## TASK DETAILS
Beginning at the line containing "this 1600×1200 image.", give again every line through the end of the data, unchanged and with both ends included. Drop any pictures.

Spatial localization data:
- Opening Delimiter -

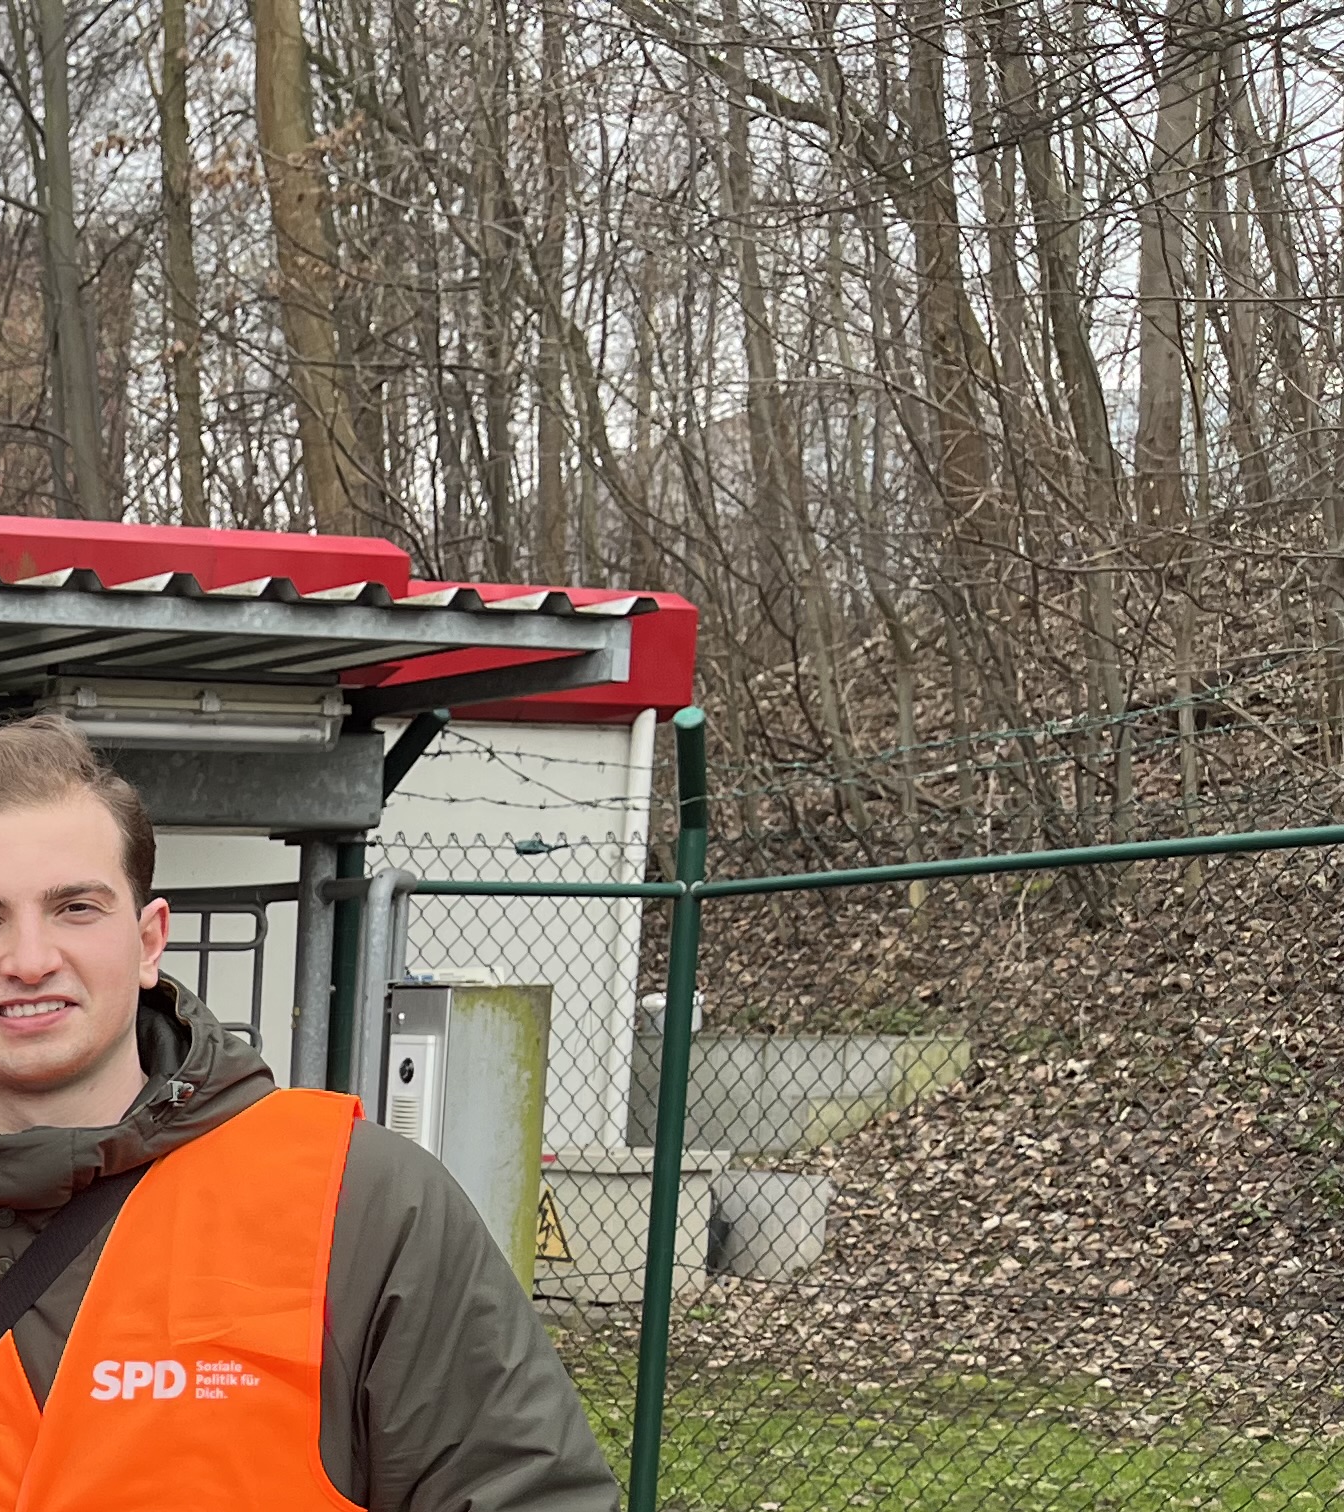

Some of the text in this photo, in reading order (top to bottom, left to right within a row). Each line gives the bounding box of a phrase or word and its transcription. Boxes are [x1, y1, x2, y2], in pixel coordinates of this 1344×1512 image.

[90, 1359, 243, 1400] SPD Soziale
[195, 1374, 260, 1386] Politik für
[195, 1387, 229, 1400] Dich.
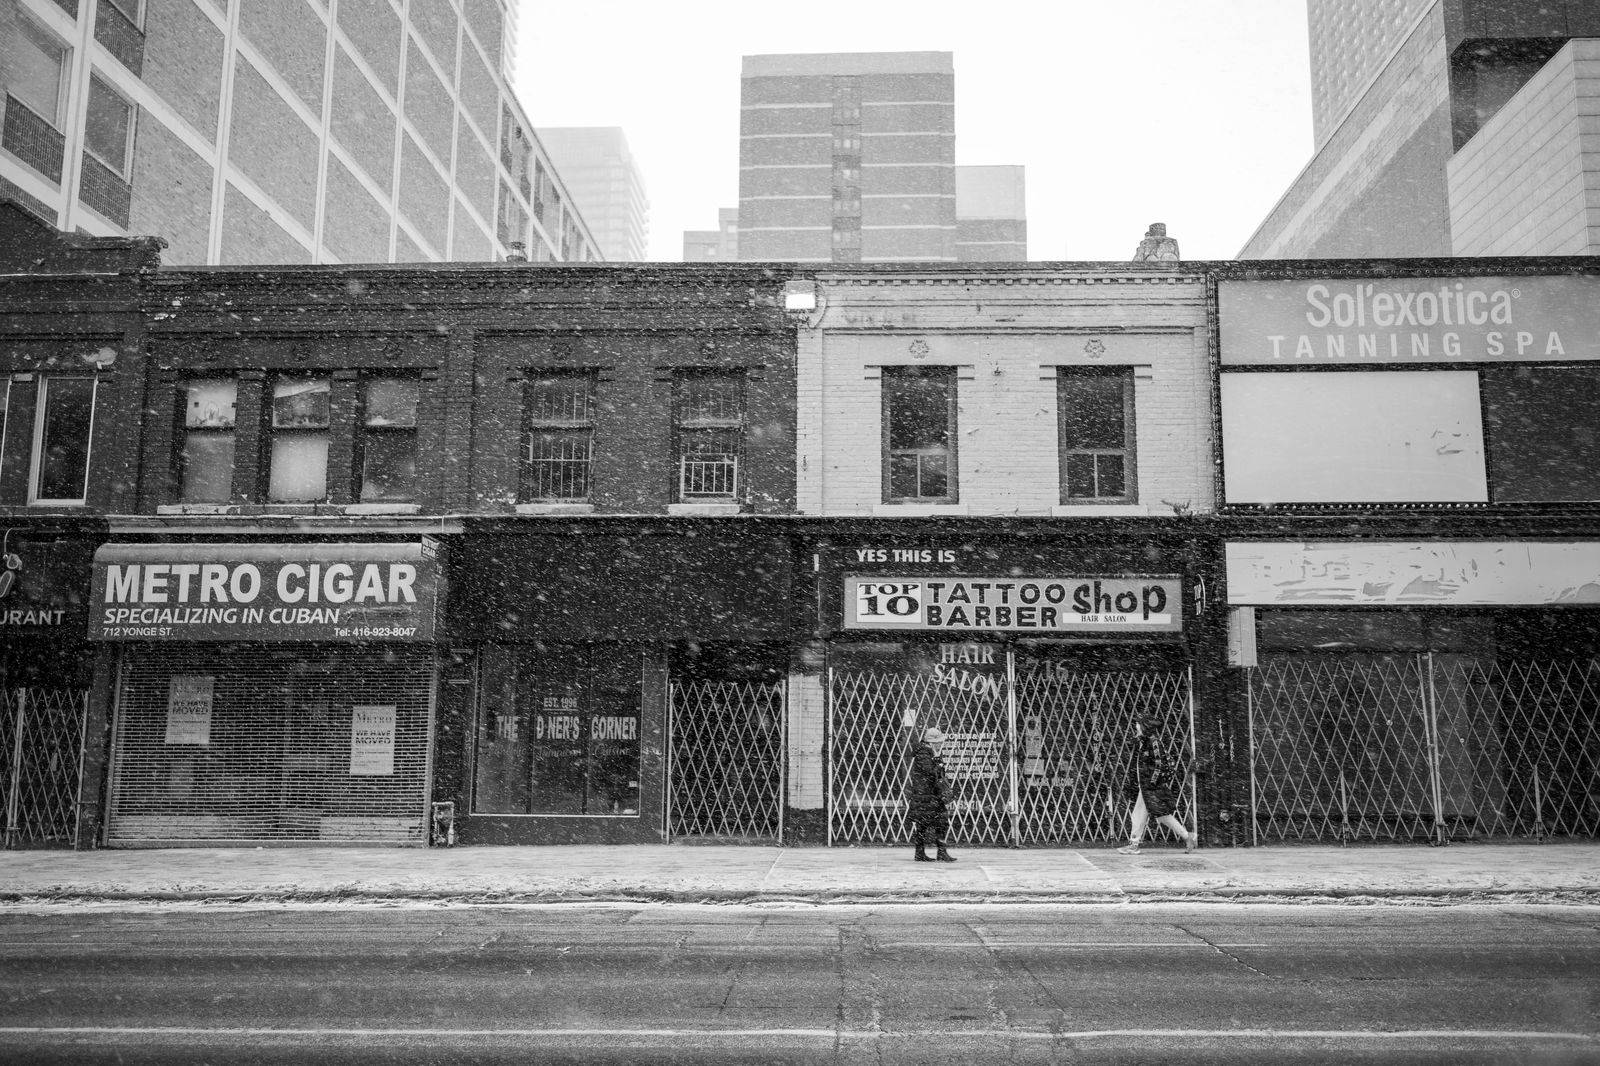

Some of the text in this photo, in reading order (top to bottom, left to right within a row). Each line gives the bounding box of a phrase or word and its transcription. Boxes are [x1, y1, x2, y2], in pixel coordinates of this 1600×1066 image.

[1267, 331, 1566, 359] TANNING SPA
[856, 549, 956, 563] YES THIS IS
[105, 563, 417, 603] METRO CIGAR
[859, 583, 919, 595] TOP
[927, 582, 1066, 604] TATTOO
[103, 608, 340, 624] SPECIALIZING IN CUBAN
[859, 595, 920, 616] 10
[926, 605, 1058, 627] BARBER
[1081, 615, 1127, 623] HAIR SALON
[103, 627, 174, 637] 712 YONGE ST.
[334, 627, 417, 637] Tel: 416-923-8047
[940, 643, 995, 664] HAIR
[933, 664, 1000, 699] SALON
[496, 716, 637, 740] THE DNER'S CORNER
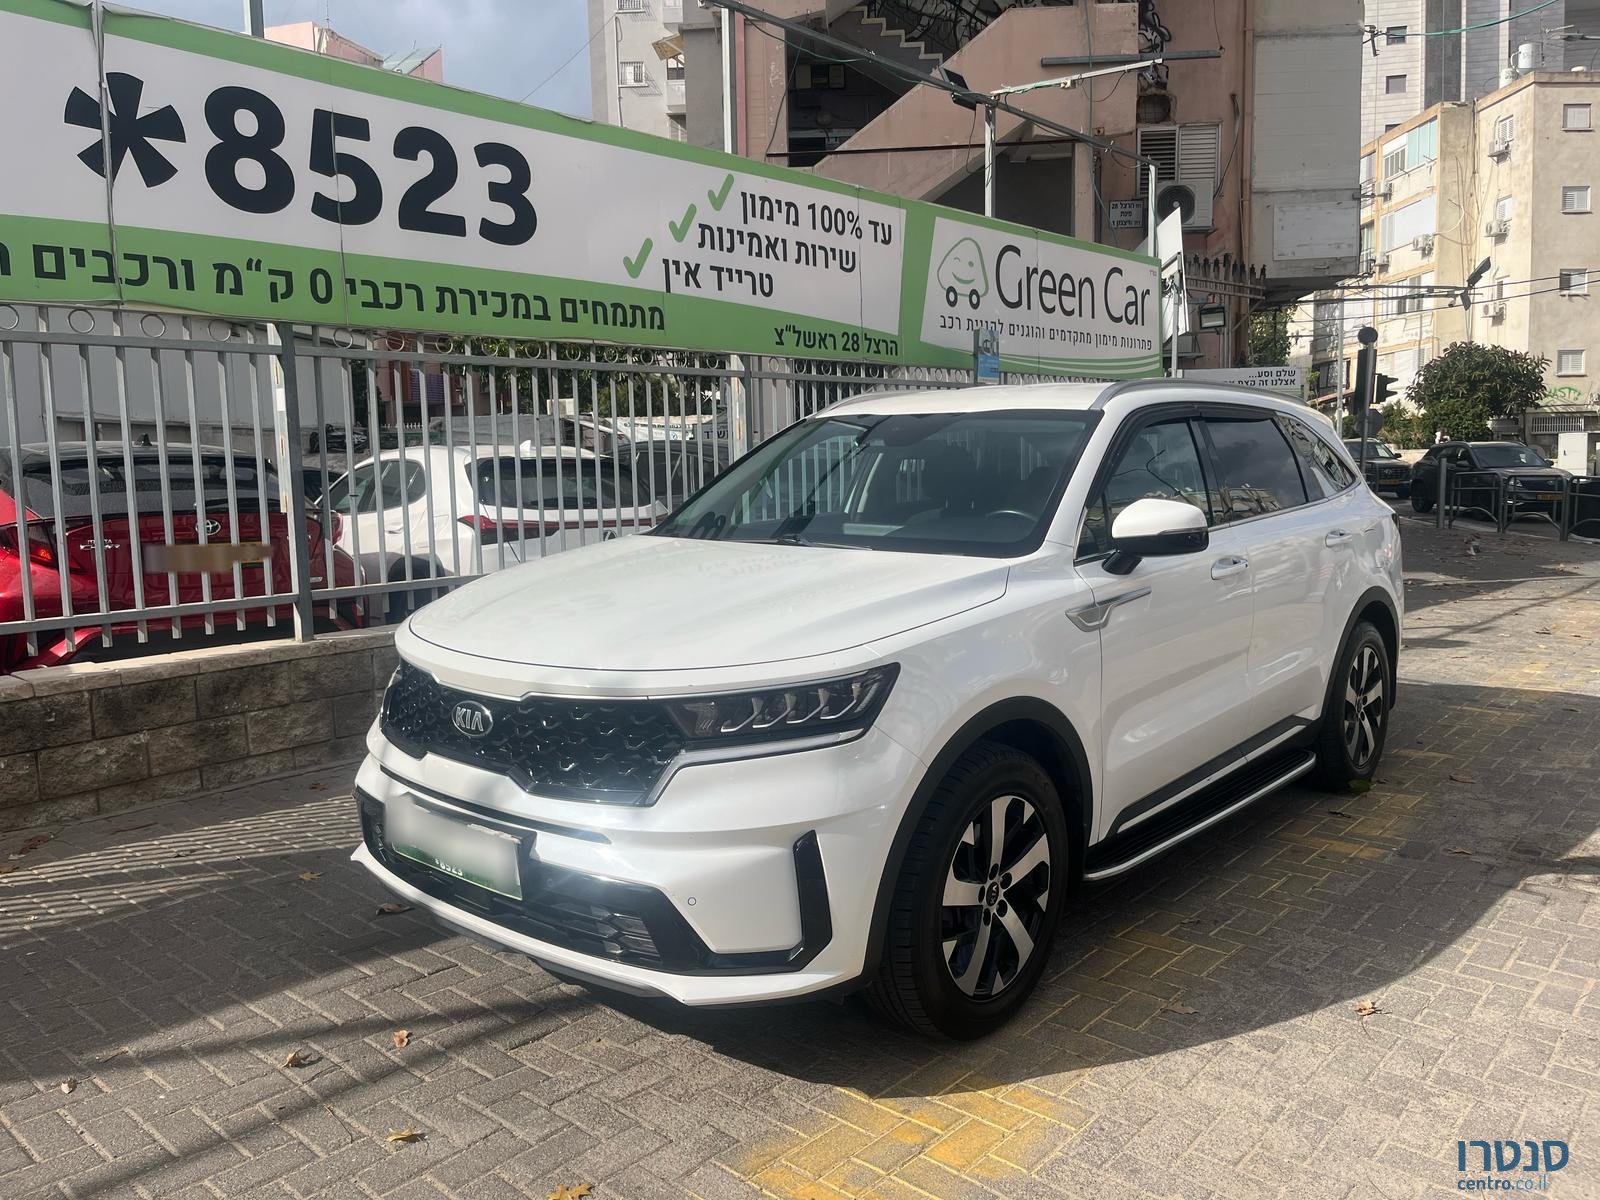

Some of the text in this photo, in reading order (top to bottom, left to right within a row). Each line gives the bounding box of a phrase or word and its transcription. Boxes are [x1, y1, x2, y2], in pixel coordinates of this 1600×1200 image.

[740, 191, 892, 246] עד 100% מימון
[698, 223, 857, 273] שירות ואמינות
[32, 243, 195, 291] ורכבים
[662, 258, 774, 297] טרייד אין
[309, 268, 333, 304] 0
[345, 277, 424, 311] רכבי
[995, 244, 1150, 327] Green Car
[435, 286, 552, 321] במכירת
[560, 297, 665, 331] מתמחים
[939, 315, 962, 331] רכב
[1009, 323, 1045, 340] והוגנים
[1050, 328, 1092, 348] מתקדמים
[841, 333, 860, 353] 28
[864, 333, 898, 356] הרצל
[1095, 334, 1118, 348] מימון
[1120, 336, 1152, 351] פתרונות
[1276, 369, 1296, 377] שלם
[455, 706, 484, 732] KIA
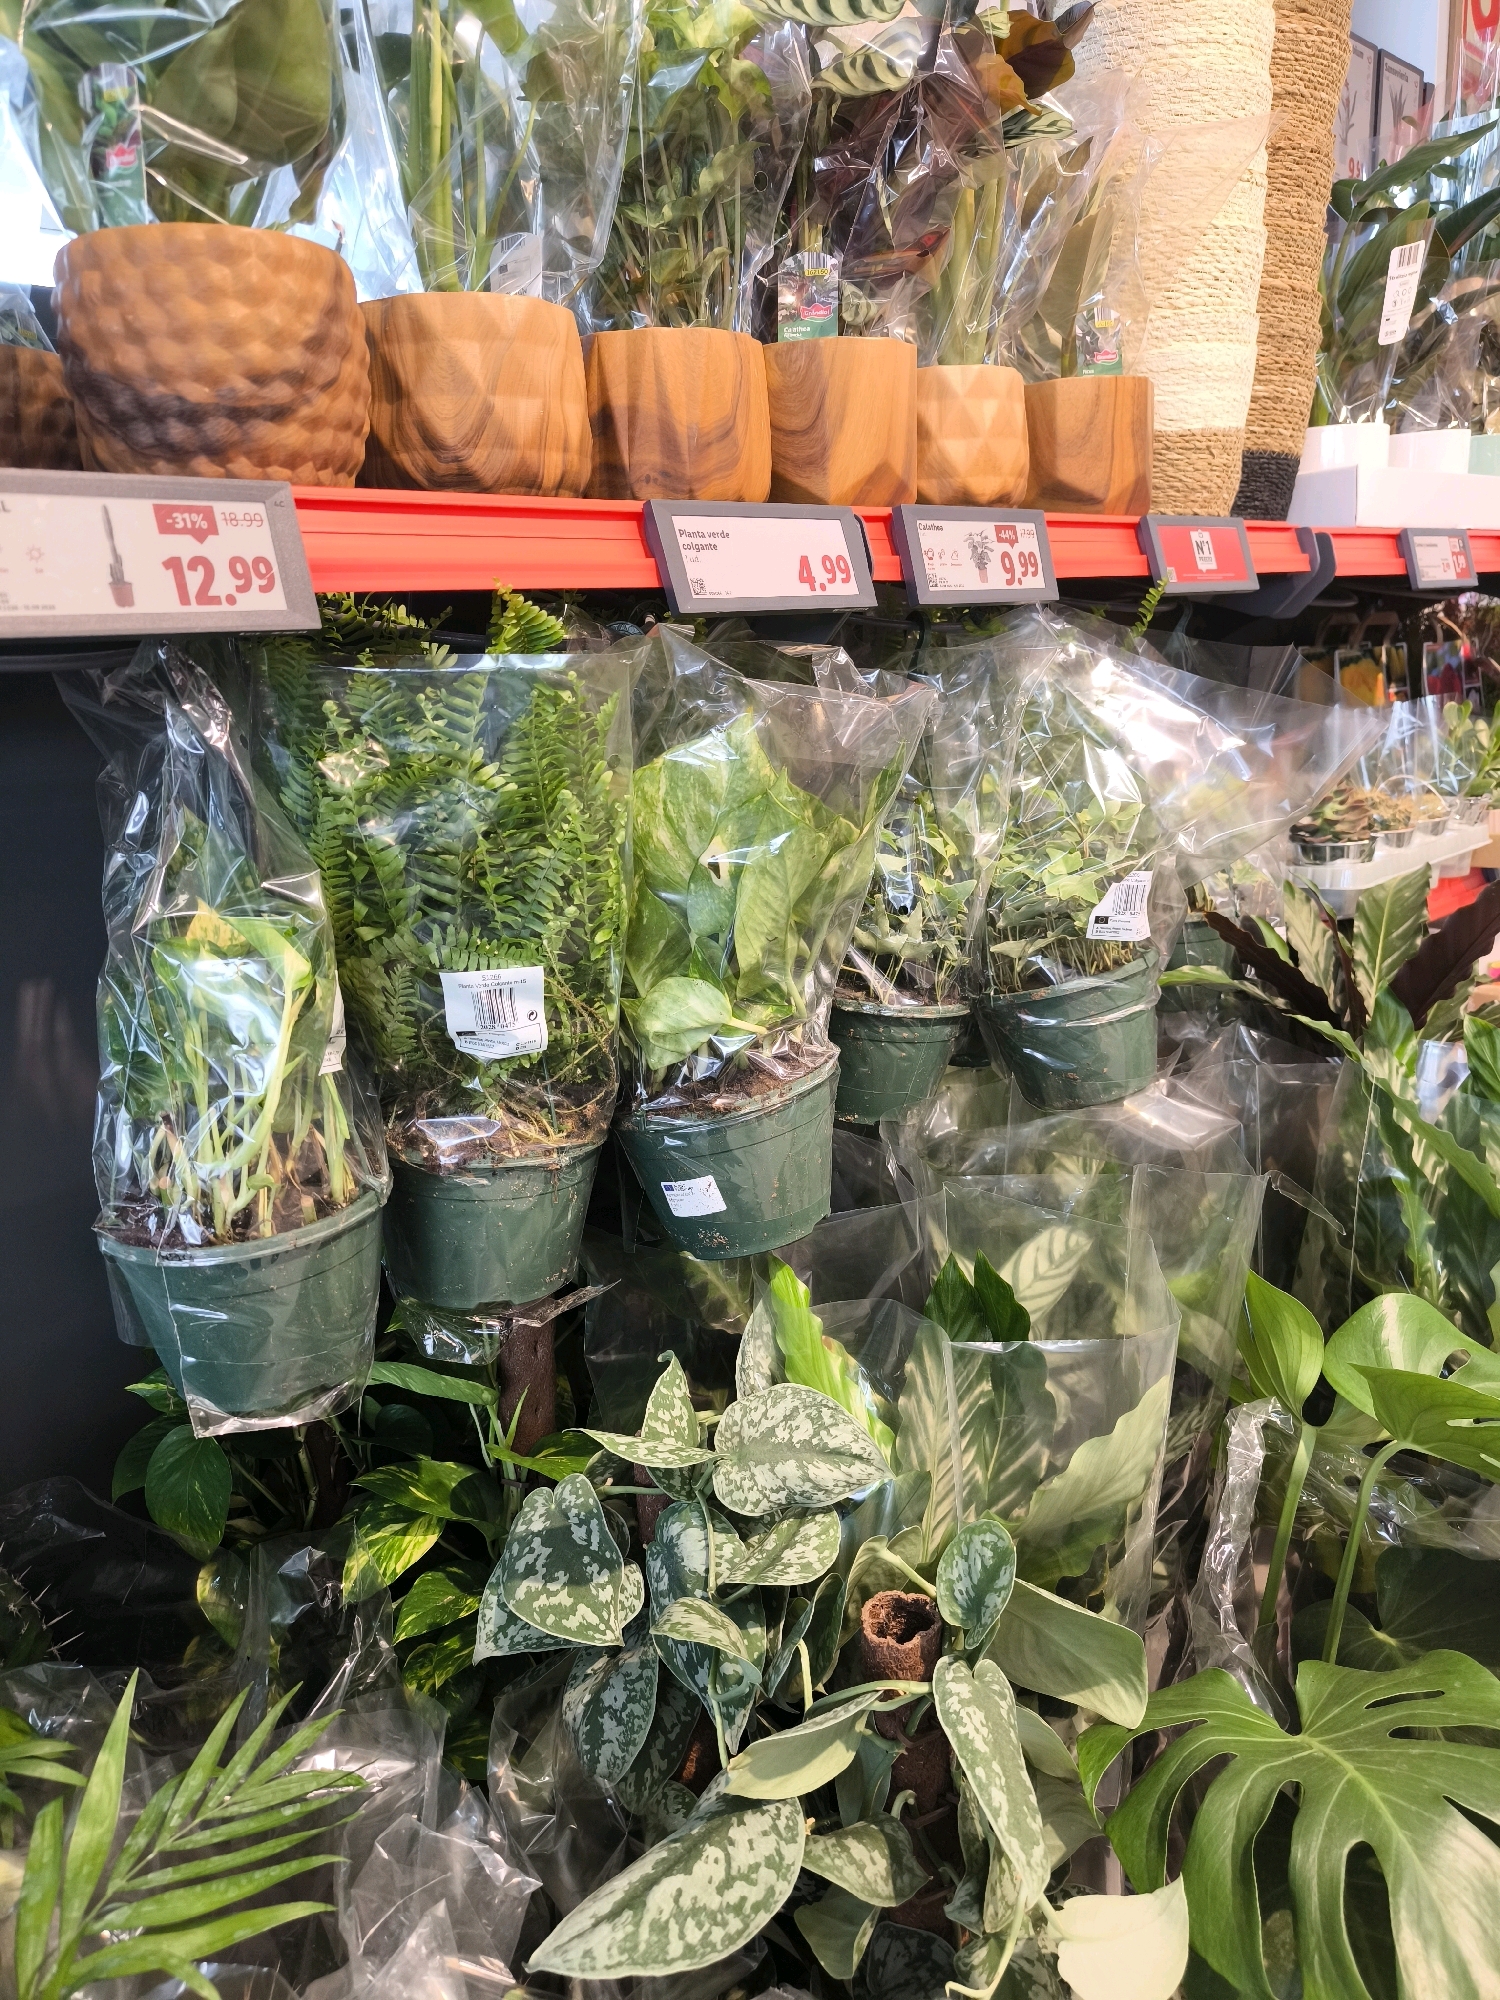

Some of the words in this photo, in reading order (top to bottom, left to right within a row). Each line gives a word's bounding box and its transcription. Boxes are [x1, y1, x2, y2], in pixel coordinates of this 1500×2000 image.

- Closing Delimiter -

## EXERCISE SOLUTION
Some of the text in this photo, in reading order (top to bottom, left to right within a row). Each line gives the bounding box of a phrase or word and its transcription. Boxes are [x1, y1, x2, y2], in pixel coordinates of this 1600×1200 image.

[740, 191, 892, 246] עד 100% מימון
[698, 223, 857, 273] שירות ואמינות
[32, 243, 195, 291] ורכבים
[662, 258, 774, 297] טרייד אין
[309, 268, 333, 304] 0
[345, 277, 424, 311] רכבי
[995, 244, 1150, 327] Green Car
[435, 286, 552, 321] במכירת
[560, 297, 665, 331] מתמחים
[939, 315, 962, 331] רכב
[1009, 323, 1045, 340] והוגנים
[1050, 328, 1092, 348] מתקדמים
[841, 333, 860, 353] 28
[864, 333, 898, 356] הרצל
[1095, 334, 1118, 348] מימון
[1120, 336, 1152, 351] פתרונות
[1276, 369, 1296, 377] שלם
[455, 706, 484, 732] KIA

Some of the words in this photo, in reading order (top to bottom, left to right within a row). Each line gives a word's bounding box and its transcription. Boxes are [x1, y1, x2, y2], in pixel coordinates of this 1500×2000 image.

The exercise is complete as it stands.